*ENTRIES SUPPLIED*.
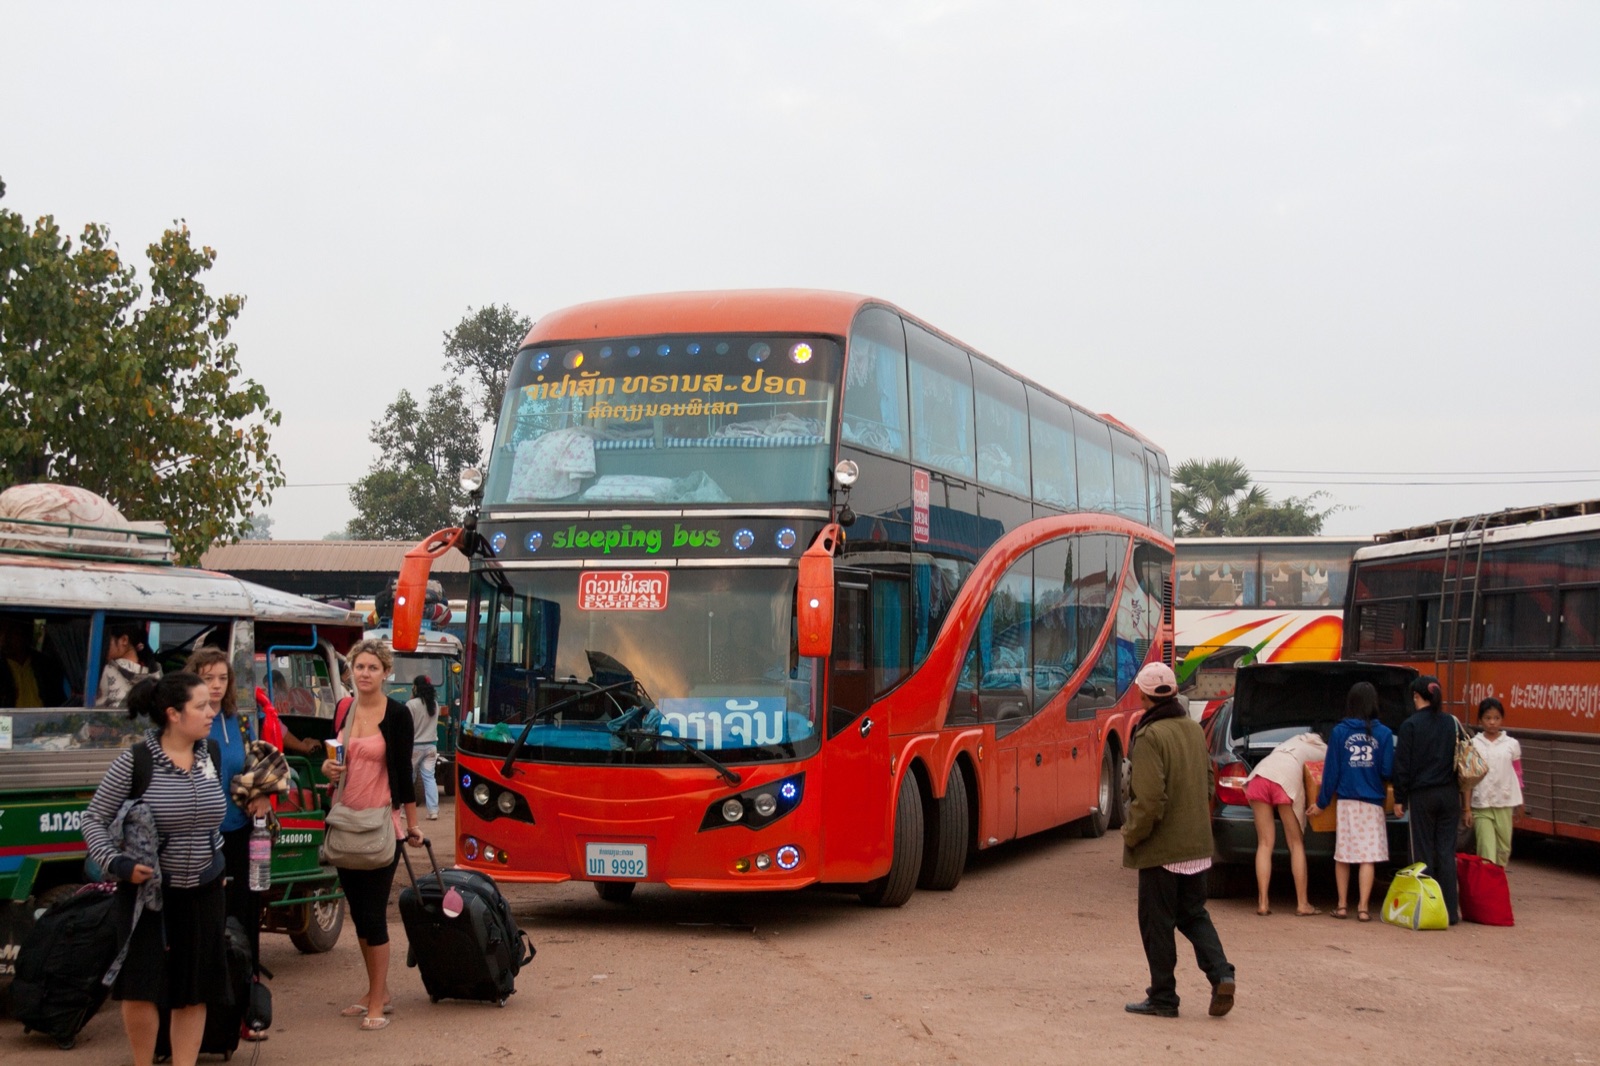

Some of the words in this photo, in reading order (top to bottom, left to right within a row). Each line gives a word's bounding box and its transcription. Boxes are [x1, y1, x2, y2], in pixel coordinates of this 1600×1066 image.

[551, 523, 662, 554] sleeping
[672, 523, 721, 548] bus
[585, 572, 662, 594] ດ່ວນພິເສດ
[584, 594, 660, 602] SPECIAL
[1349, 745, 1373, 761] 23
[611, 858, 644, 876] 9992
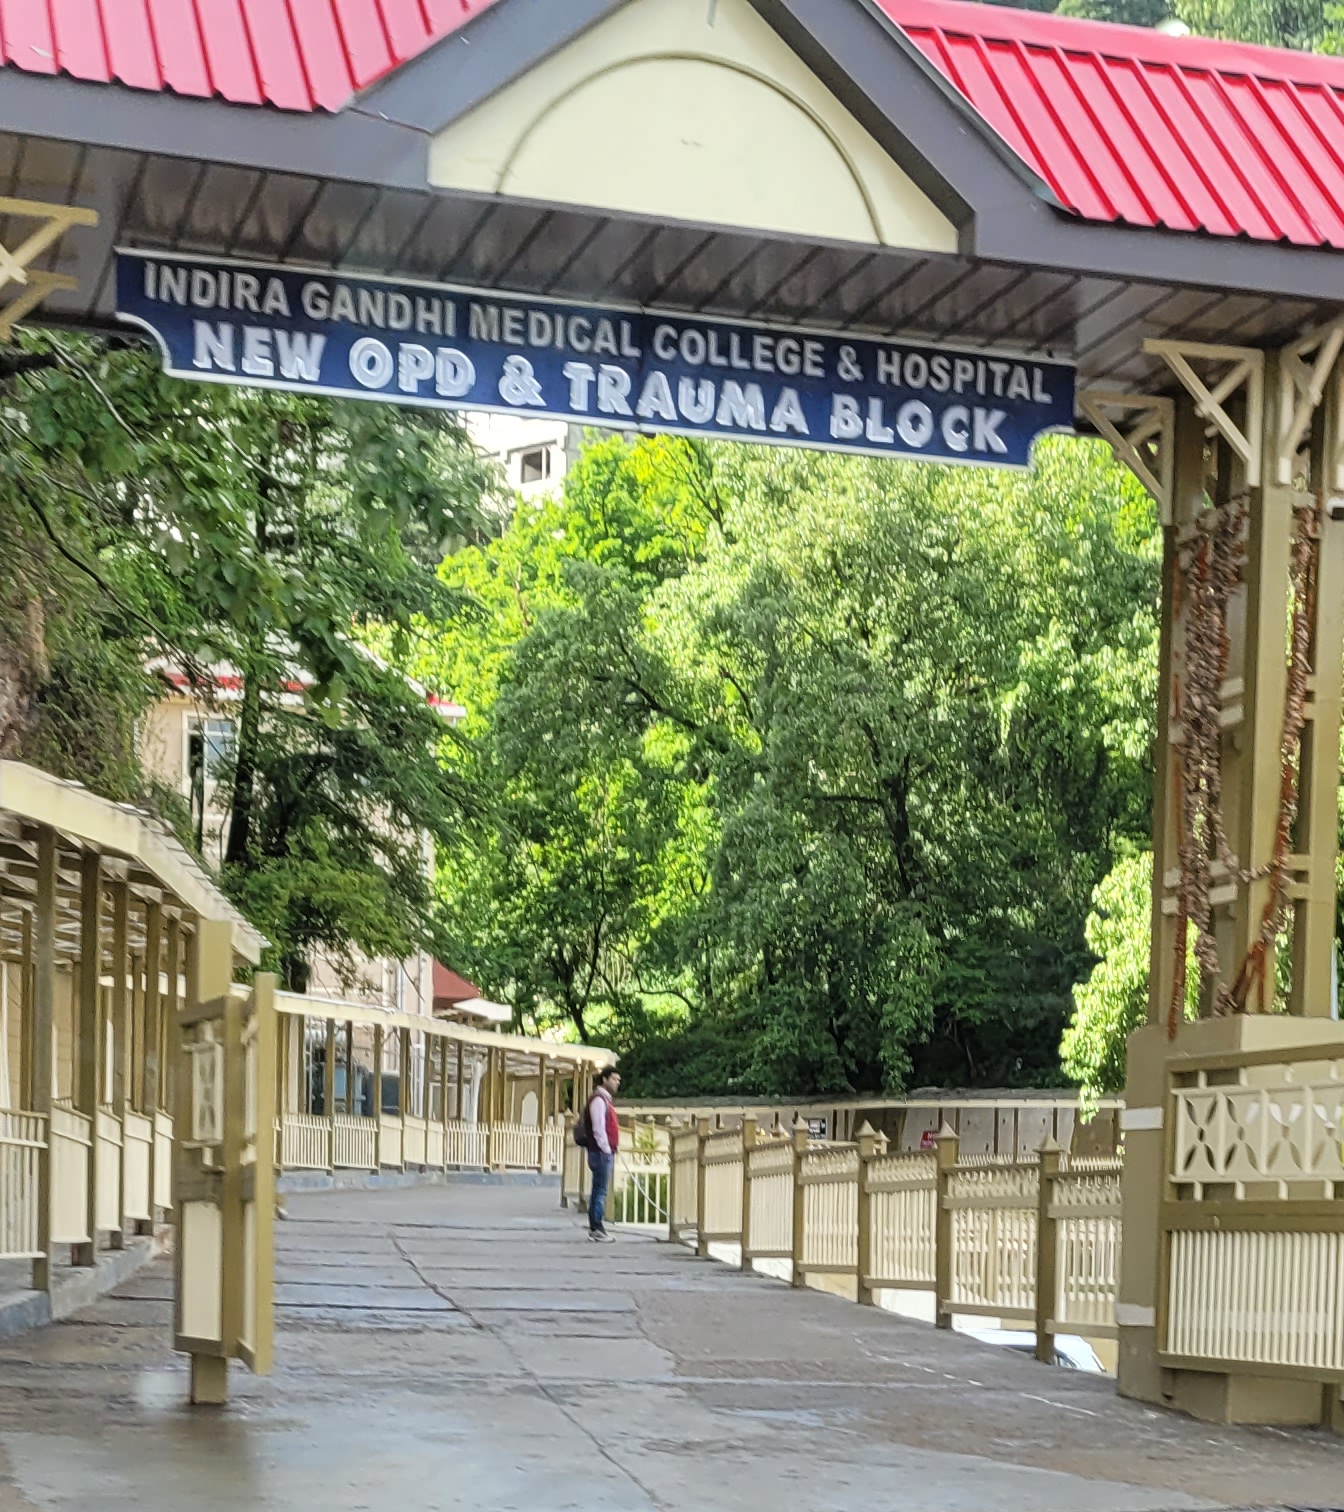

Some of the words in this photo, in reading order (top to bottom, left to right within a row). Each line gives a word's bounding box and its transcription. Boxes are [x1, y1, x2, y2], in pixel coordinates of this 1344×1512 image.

[143, 260, 291, 318] INDIRA
[301, 280, 455, 337] GANDHI
[469, 301, 642, 357] MEDICAL
[654, 323, 825, 378] COLLEGE
[837, 345, 863, 382] &
[877, 349, 1053, 404] HOSPITAL
[192, 319, 327, 382] NEW
[348, 337, 476, 398] OPD
[498, 354, 547, 407] &
[562, 361, 810, 435] TRAUMA
[829, 391, 1009, 454] BLOCK

*EXERCISE DIRECTIONS*. Without the pictures, repeat the listing exactly as it reads.

*WRITTEN SOLUTION*.
Some of the words in this photo, in reading order (top to bottom, left to right within a row). Each line gives a word's bounding box and its transcription. Boxes are [x1, y1, x2, y2], in pixel coordinates of this 1600×1066 image.

[551, 523, 662, 554] sleeping
[672, 523, 721, 548] bus
[585, 572, 662, 594] ດ່ວນພິເສດ
[584, 594, 660, 602] SPECIAL
[1349, 745, 1373, 761] 23
[611, 858, 644, 876] 9992

Some of the words in this photo, in reading order (top to bottom, left to right within a row). Each line gives a word's bounding box and its transcription. Boxes are [x1, y1, x2, y2], in pixel coordinates of this 1344×1512 image.

[143, 260, 291, 318] INDIRA
[301, 280, 455, 337] GANDHI
[469, 301, 642, 357] MEDICAL
[654, 323, 825, 378] COLLEGE
[837, 345, 863, 382] &
[877, 349, 1053, 404] HOSPITAL
[192, 319, 327, 382] NEW
[348, 337, 476, 398] OPD
[498, 354, 547, 407] &
[562, 361, 810, 435] TRAUMA
[829, 391, 1009, 454] BLOCK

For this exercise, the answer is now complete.